Soul — I built a version of me that doesn't need sleep.

Same memory. Same voice. Same thinking. Runs 24/7 while I'm in meetings pretending to pay attention.

Curious what talking to me feels like?

Memoria - Shubham Shrivastava's side project

Type

Type

Side Project

Started

Started

May 2025

Stage

Stage

v1 → v2 Rebuild

Stack

Stack

Python, Postgres, pgvector, MCP

Status

Status

Building in Public

THE IDEA

I use ChatGPT, Claude, Cursor, Perplexity, Figma AI — sometimes all in the same day. None of them know each other. None of them know me. Every new chat starts from zero. I got tired of being the context. So I built Soul — my digital twin. Same memory. Same voice. Same thinking. It knows what I'm working on, how I communicate, what I've decided, and why. It writes my blogs, drafts my LinkedIn posts, handles email — and it sounds exactly like me. Not a chatbot. Not a tool. A version of me that runs 24/7 while I'm in meetings pretending to pay attention.

6

AI tools connected

2hrs

Saved daily on average

1

Memory layer to rule them all

THE REAL PROBLEM

AI tools remember in silos. ChatGPT has its memory. Claude has its own. Cursor has context. None of it connects. I was spending roughly an hour a day re-explaining myself to tools that technically 'remember' — just not together. That's 365 hours a year being your own onboarding document.

THE SOLUTION — SOUL

Soul sits above all models. One job: know me completely and never forget. Memory stored in a database with embeddings — structured, governed, not a dump. ElevenLabs for my voice. Synthesis for my character. MCP as the universal interface. Every AI tool I open already knows who I am. New chat, new model, new tool — same context. No re-explaining. Ever.

WHAT'S AUTOMATED TODAY

Blog posts. LinkedIn content. Email drafts. All in my voice. All without me writing from scratch. Soul doesn't generate generic content — it generates content that sounds like it came from me. Because the memory it pulls from is mine.

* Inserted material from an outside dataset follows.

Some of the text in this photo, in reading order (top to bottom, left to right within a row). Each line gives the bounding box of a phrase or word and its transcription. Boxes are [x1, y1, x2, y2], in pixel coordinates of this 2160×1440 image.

WHAT MEMORIA IS (AND ISN'T)

Soul is: A personal memory system. Model-agnostic. Voice-cloned. Character-matched. Boring by design — which is exactly the point. Soul is not: A chat app. An LLM deciding what to remember. A vector dump. A journal.

WHERE THIS IS GOING

I become the API. My knowledge, my voice, my way of thinking — accessible to any system, any agent, any tool that needs it. Soul keeps evolving as I do. Every conversation, every decision, every opinion — fed back into the memory. The longer it runs, the more accurate the twin gets.

THE END STATE

I become the API. My knowledge, my voice, my way of thinking — accessible to any system, any agent, any tool that needs it. Soul keeps evolving as I do. Every conversation, every decision, every opinion — fed back into the memory. The longer it runs, the more accurate the twin gets.

THE CORE INSIGHT

The hard part isn't storing memory. It's knowing what to store, how to update it, and when to forget it. Soul exists to solve exactly that. Building in public. Breaking things weekly.

THE JOURNEY

THE JOURNEY

THE JOURNEY

May 2025 — MVP v1

Built the first working version. It had a chat UI, memory stored in a database, vector embeddings, semantic search, and context retrieval injected into prompts.

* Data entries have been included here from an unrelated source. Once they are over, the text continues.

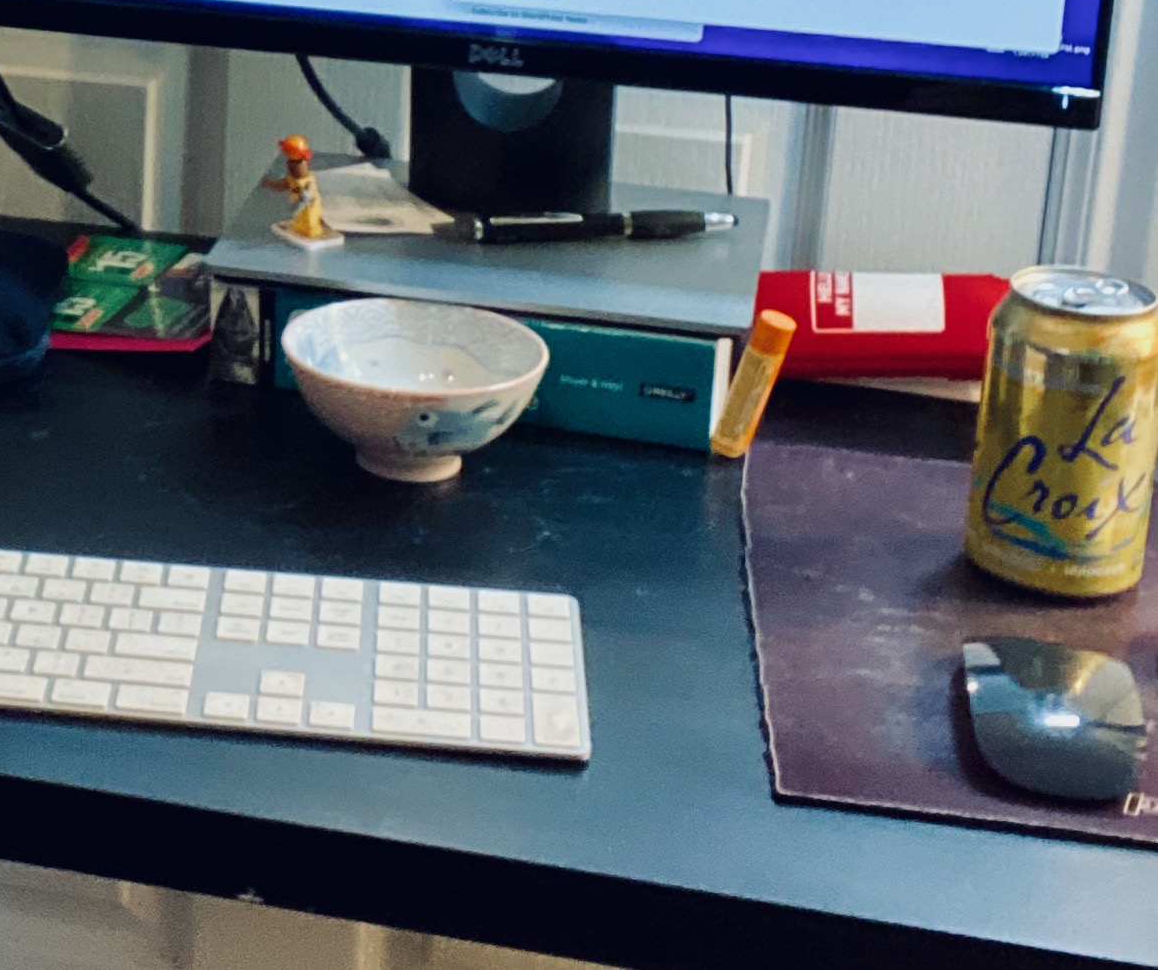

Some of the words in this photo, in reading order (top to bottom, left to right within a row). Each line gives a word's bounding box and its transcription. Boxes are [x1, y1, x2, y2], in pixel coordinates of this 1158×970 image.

[468, 44, 524, 68] DELL
[1056, 376, 1136, 471] La
[982, 435, 1146, 540] Croix
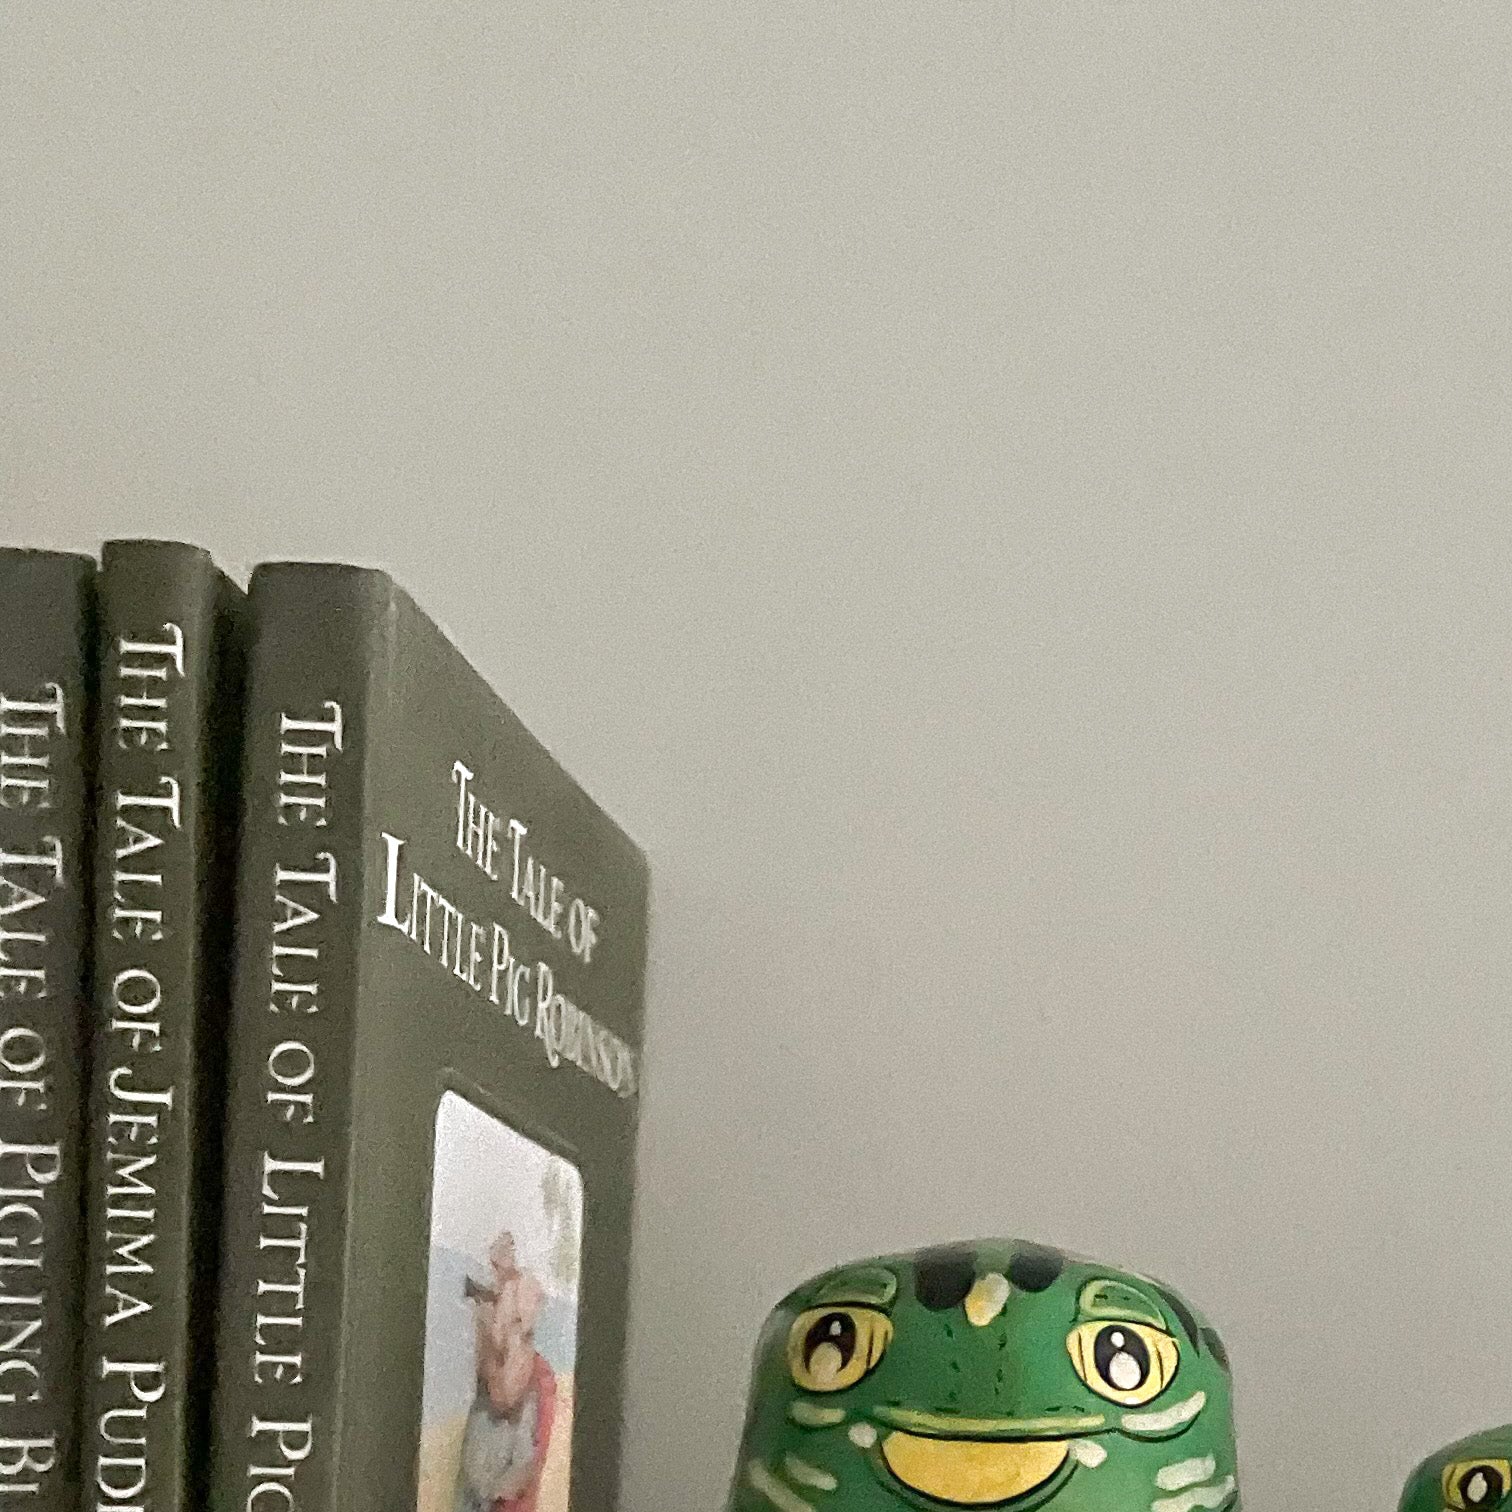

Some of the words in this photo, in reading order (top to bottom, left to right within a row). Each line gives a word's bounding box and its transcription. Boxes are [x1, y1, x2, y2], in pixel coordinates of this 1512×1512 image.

[0, 682, 65, 808] THE
[118, 623, 186, 751] THE
[276, 701, 343, 826] THE
[0, 835, 64, 998] TALE
[113, 776, 181, 940] TALE
[269, 852, 337, 1013] TALE
[377, 831, 485, 992] LITTLE
[489, 921, 531, 1027] PIG
[452, 760, 500, 881] THE
[508, 818, 565, 940] TALE
[567, 898, 599, 963] OF
[0, 1028, 47, 1110] OF
[110, 969, 161, 1052] OF
[267, 1041, 314, 1123] OF
[103, 1066, 174, 1327] JEMIMA
[253, 1151, 324, 1384] LITTLE

It worked. But the extraction was dumb.

Everything went into the database — no filtering, no lifecycle, no relevance scoring, no update logic. Memory got noisy fast: too much context, not enough signal, duplicates, contradictions, outdated facts showing up in responses.

The failure wasn't semantic search. The failure was lack of memory governance.

The "Build Everything from Scratch" Phase

My next instinct was to formalize it as a full product: custom UI, direct model API usage, bring-your-own API keys, database + embeddings, retrieval-augmented prompting.

In short: Memoria becomes the app.

This approach is valid — but flawed for this problem.

Why it wasn't ideal:

  1. It becomes a platform build, not a memory problem. I'd spend time rebuilding chat UX, auth, model switching, cost controls — things ChatGPT, Claude, and Cursor already do well.

  2. Embeddings don't solve memory correctness. Vector search helps retrieval, but it doesn't answer: what's worth saving? How do preferences update? How do time-based facts change? How do we prevent contradictions?

The real problem wasn't better retrieval. It was knowing what to store, how to update it, and when to forget it.

The Shift in Thinking

That's when the core realization clicked:

Memory is not an LLM problem. It's a systems and policy problem.

LLMs are great at understanding language. They are terrible at being consistent, auditable decision-makers.

So I stopped trying to make the model "smart about memory" and instead designed memory as infrastructure.